[YOUR TASK]
Beginning at the line containing "this 1875×1250 image.", restate each line of the listing below word for word until the last one has been given.

______________________________

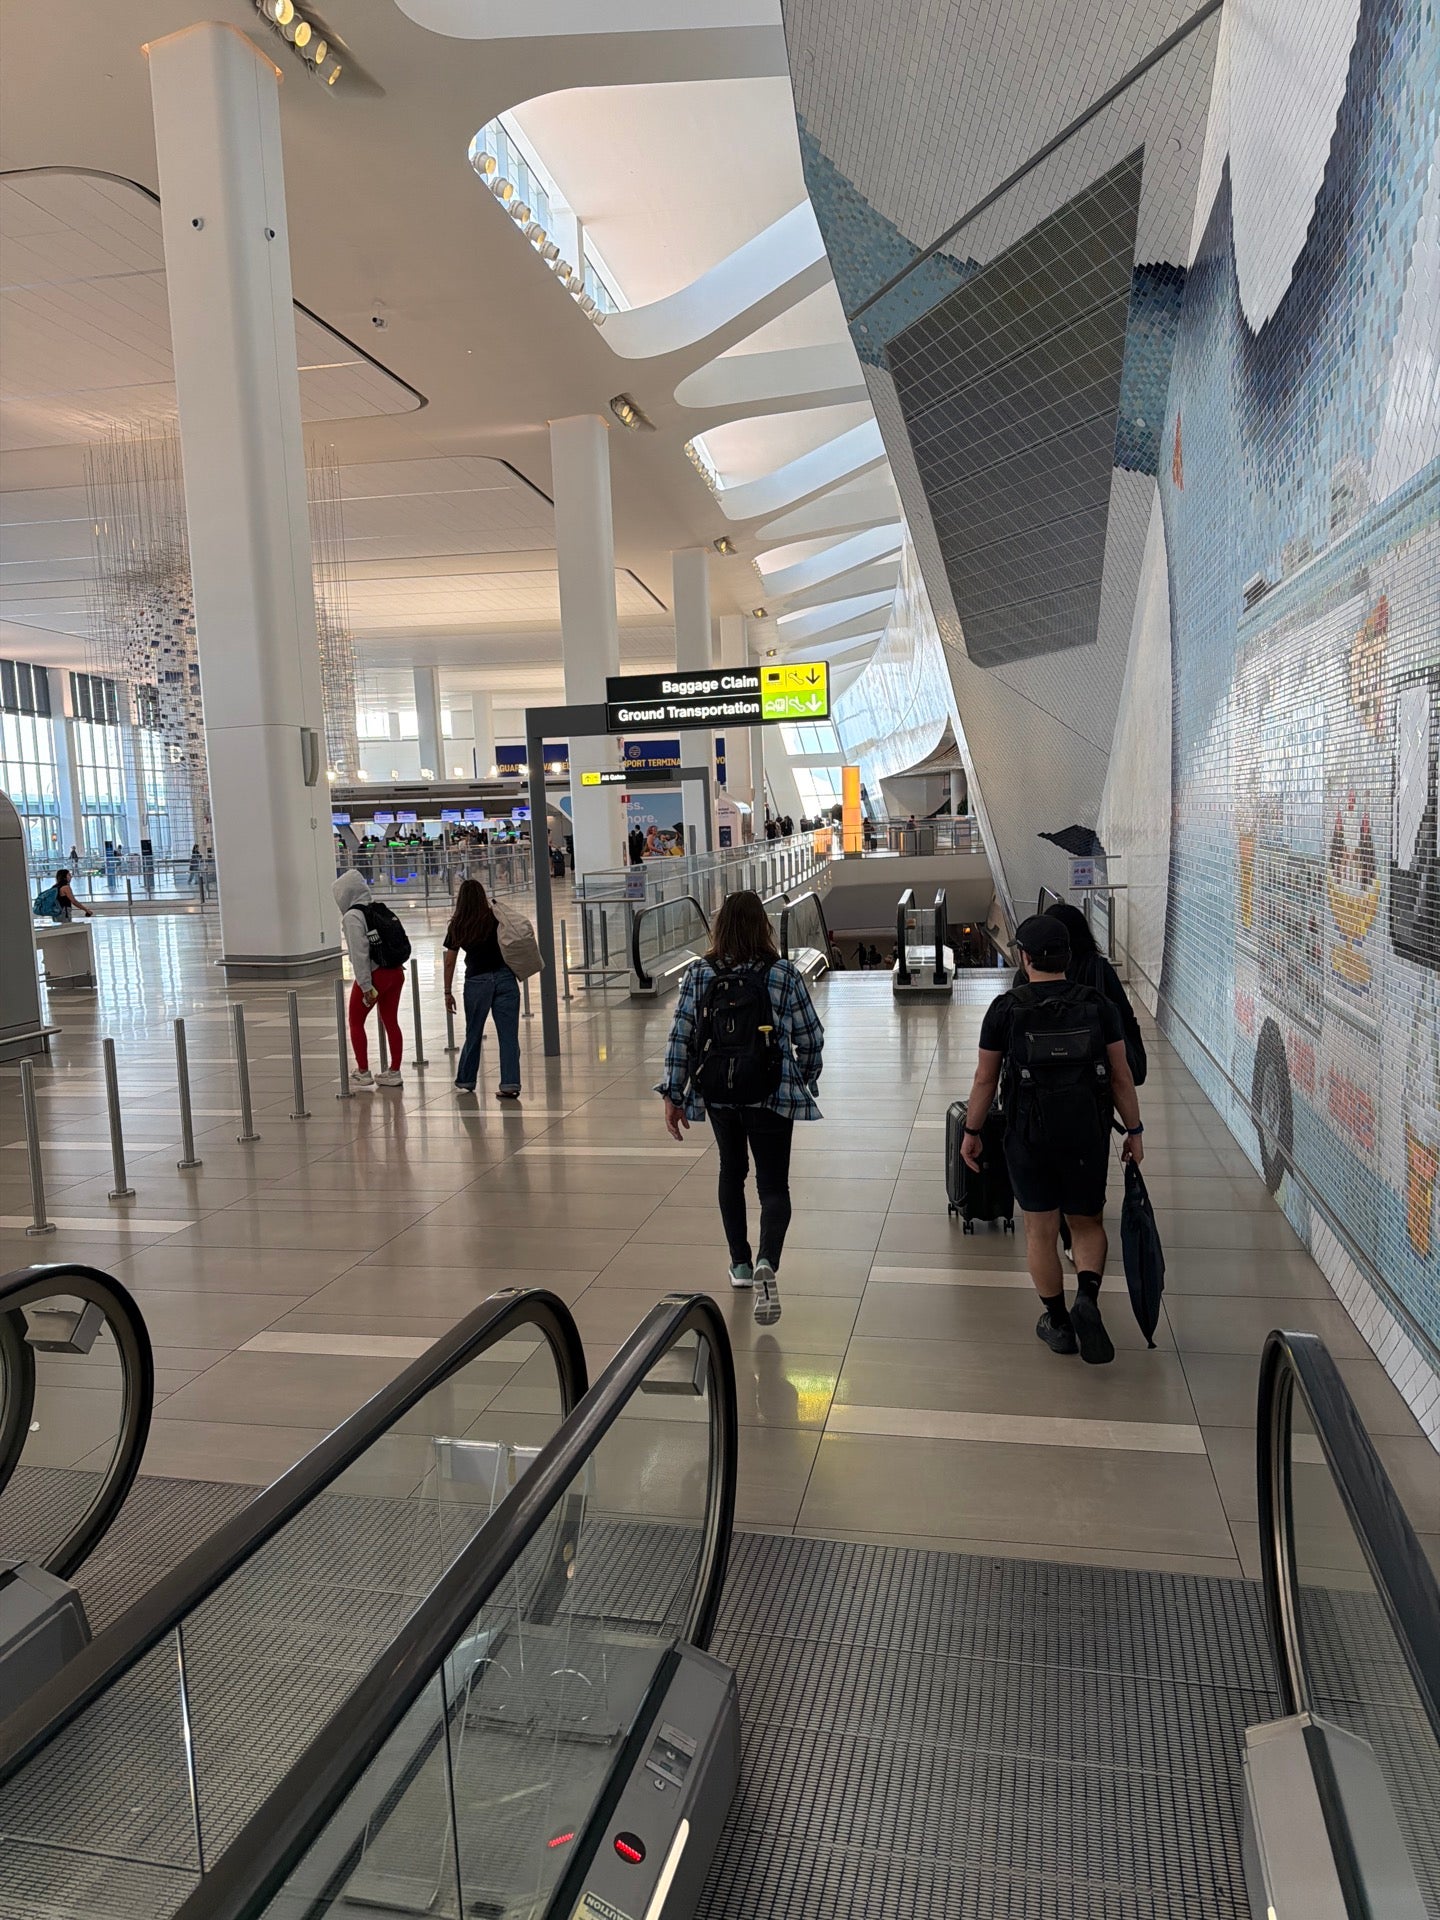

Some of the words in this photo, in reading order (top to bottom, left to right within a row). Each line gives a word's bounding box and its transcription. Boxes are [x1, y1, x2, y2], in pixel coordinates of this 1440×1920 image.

[662, 680, 718, 694] Baggage
[721, 676, 758, 689] Claim
[618, 707, 665, 721] Ground
[667, 702, 759, 719] Transportation
[647, 757, 681, 767] TERMINA
[626, 801, 644, 811] ss.
[586, 1896, 626, 1920] AUTION
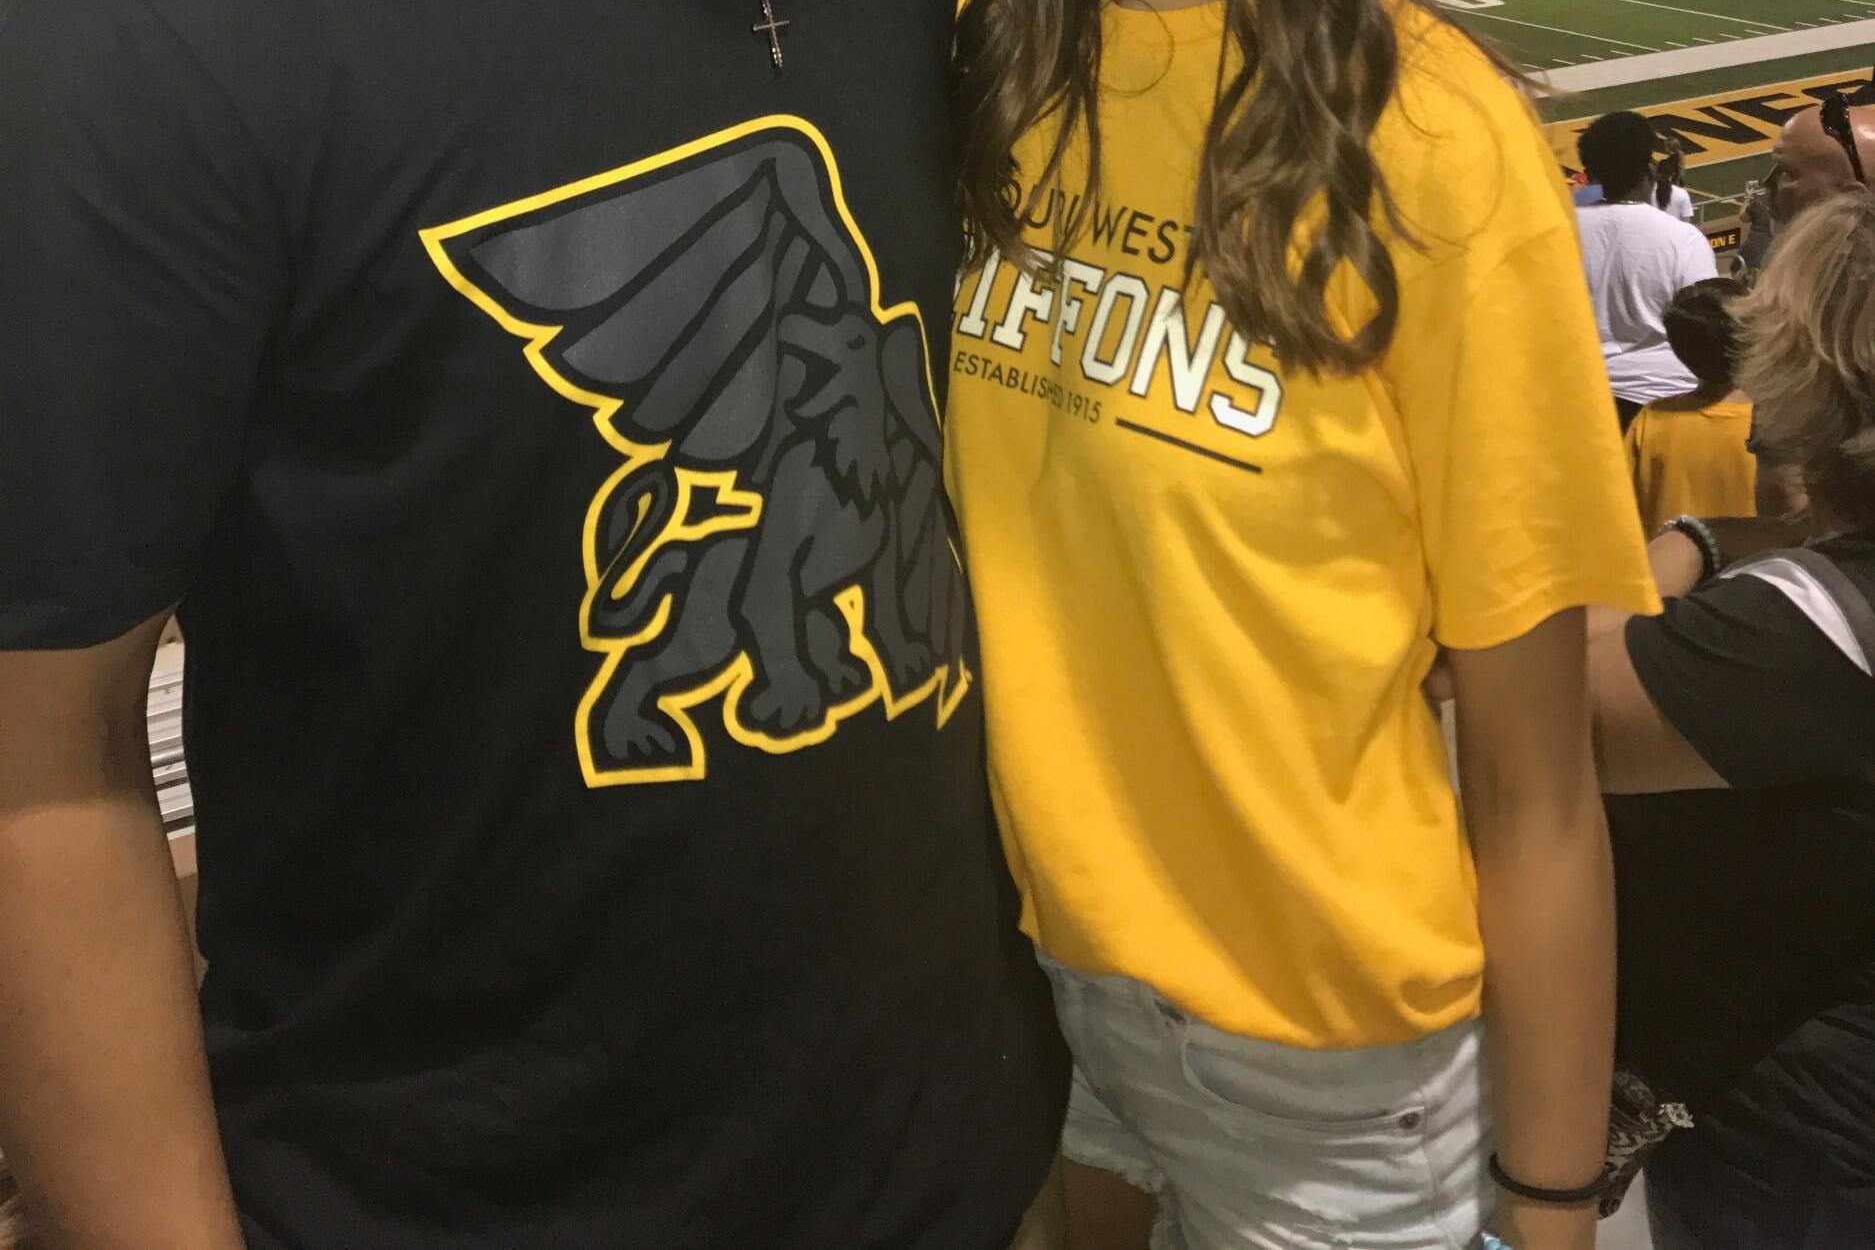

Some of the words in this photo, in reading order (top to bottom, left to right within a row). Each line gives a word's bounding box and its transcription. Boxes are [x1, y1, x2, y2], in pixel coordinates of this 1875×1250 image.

[1728, 234, 1736, 245] E
[950, 246, 1283, 438] IFFONS
[1066, 390, 1102, 423] 1915

______________________________

[WRITTEN SOLUTION]
Some of the words in this photo, in reading order (top to bottom, left to right within a row). Each line gives a word's bounding box and its transcription. Boxes are [x1, y1, x2, y2], in pixel coordinates of this 1875×1250 image.

[1728, 234, 1736, 245] E
[950, 246, 1283, 438] IFFONS
[1066, 390, 1102, 423] 1915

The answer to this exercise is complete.